Shirt Bar Scotch Club - The Balvenie (February 2013) (#101drams)


After hosting tastings for Woodford Reserve in November and Glenfiddich in December, Shirt Bar were back at it this week, with a tasting of The Balvenie range selling out in record time.


For those who weren't already familiar with The Balvenie, it became pretty clear that this is a unique, and very hand-crafted dram.The tasting, run by Owen from William Grant & Sons followed the usual format of a presentation (covering the distillery and production) proceeded by the actual tasting. Being The Balvenie though, the presentation went into quite a bit of detail about what makes the distillery so unique in comparison to other Scottish distilleries - what's known as The Balvenie's "Rare Crafts", i.e:

  • The use of own-grown Barley
  • Manual malting on the distillery's own floor
  • A full-time, in-house coppersmith employed to maintain the stills (who has been with the distillery for 24 years!)
  • The cooperage
  • The famous Malt Master, David Stewart

It was also interesting to learn that David Stewart invented the process of "finishing" whisky, which now seems to be done by almost every second distillery in one form or another (e.g. finishing a whisky in a different cask for the last part of the aging process). 

The four tastings on offer make up the core range in Australia, being:
  • The Balvenie Doublewood (12yo)
  • The Balvenie Single Barrel (15yo)
  • The Balvenie Port Wood (21yo)
  • The Balvenie Thirty (30yo)

Starting with the youngest, we dove straight into the 12yo Doublewood. The nose here was all about sweet notes - raisins/sultanas, floral fruitiness. I noticed some slight spice notes too. The palate for me was nutty, still with some of the sweetness from the nose. Not overly complex, but it was hard to miss how smooth this was for a 12yo. I love Glenfiddich 12yo, but this was far, far smoother. So far so good, and we still had a combined 66 years to go! A medium finish rounded things up - spice still evidence, but all the fruit notes gone. Some caramel/vanilla notes stuck around.

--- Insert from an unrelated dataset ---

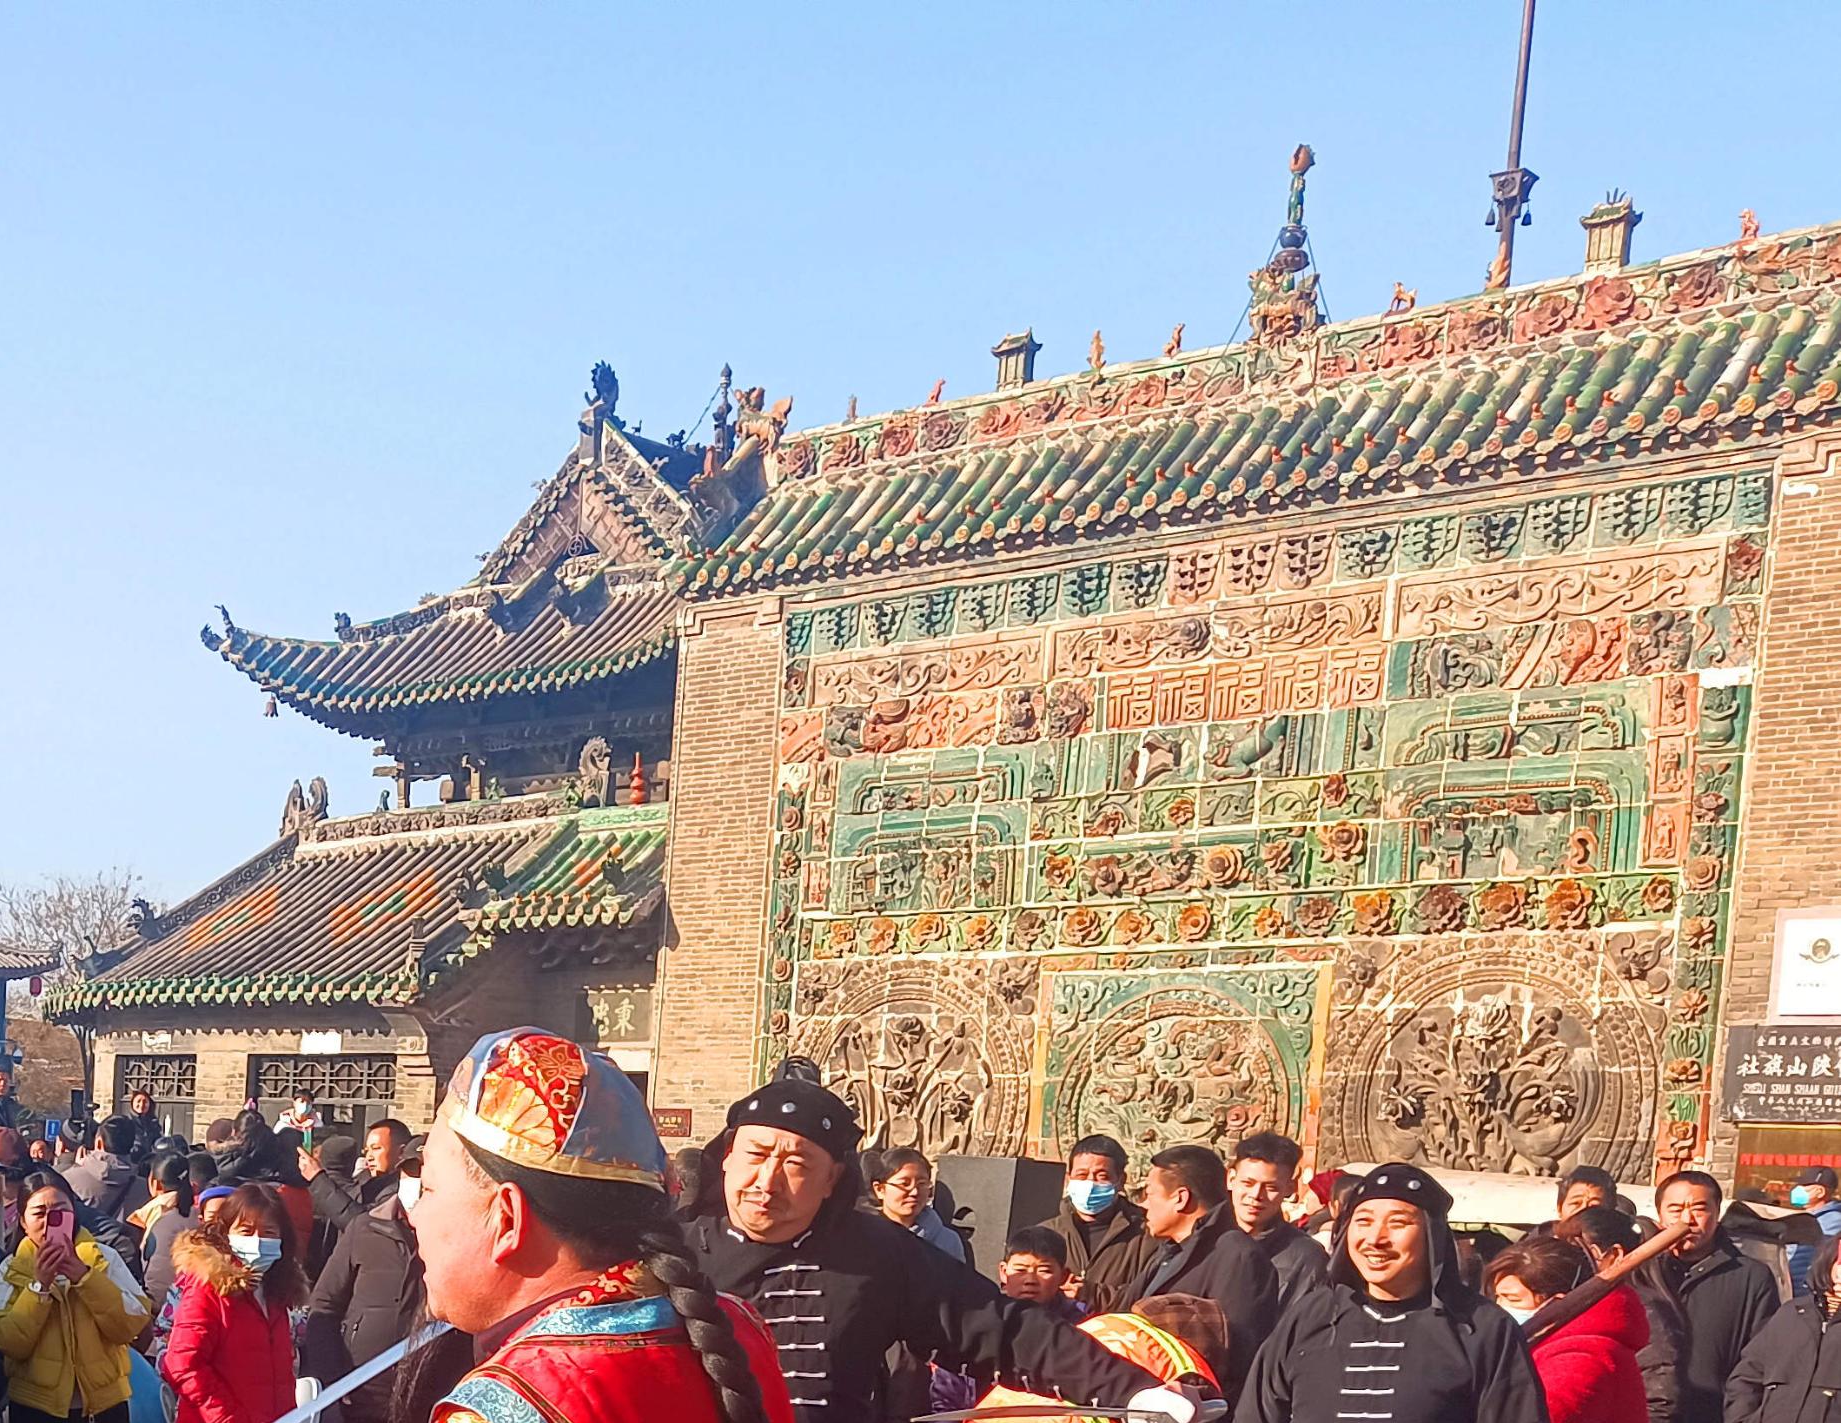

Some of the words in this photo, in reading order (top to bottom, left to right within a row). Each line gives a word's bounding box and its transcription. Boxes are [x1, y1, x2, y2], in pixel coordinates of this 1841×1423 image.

Next was the 15yo Single Barrel. My best mate who usually attends Scotch Club was eagerly awaiting this, as he seemed to remember the 15yo being one of his all-time favourite drams from a previous tasting. It didn't disappoint him, and nor did it disappoint me! A sweet vanilla nose made way for a big, honeyed mouth feel with a clearly higher ABV than the 12yo (47.8% vs 40%). I was loving this. Being a single barrel whisky, I asked if there was much variation from cask to cask. As expected there can be some, but given the expertise of The Balvenie's malt master David Stewart, we were told the variation is minimal. The finish was much longer than the 12yo, with the vanilla remaining. Warming and enjoyable to the very end.

Next was the 21yo Portwood - Owen's personal favourite. Whilst this was a great dram, it wasn't my favourite - I preferred the 15yo. There was more fruit on the nose and more spice on the palate here for me, with a nutty, but (in my opinion) shorter finish than the 15yo. A great dram, but I'd take the 15yo.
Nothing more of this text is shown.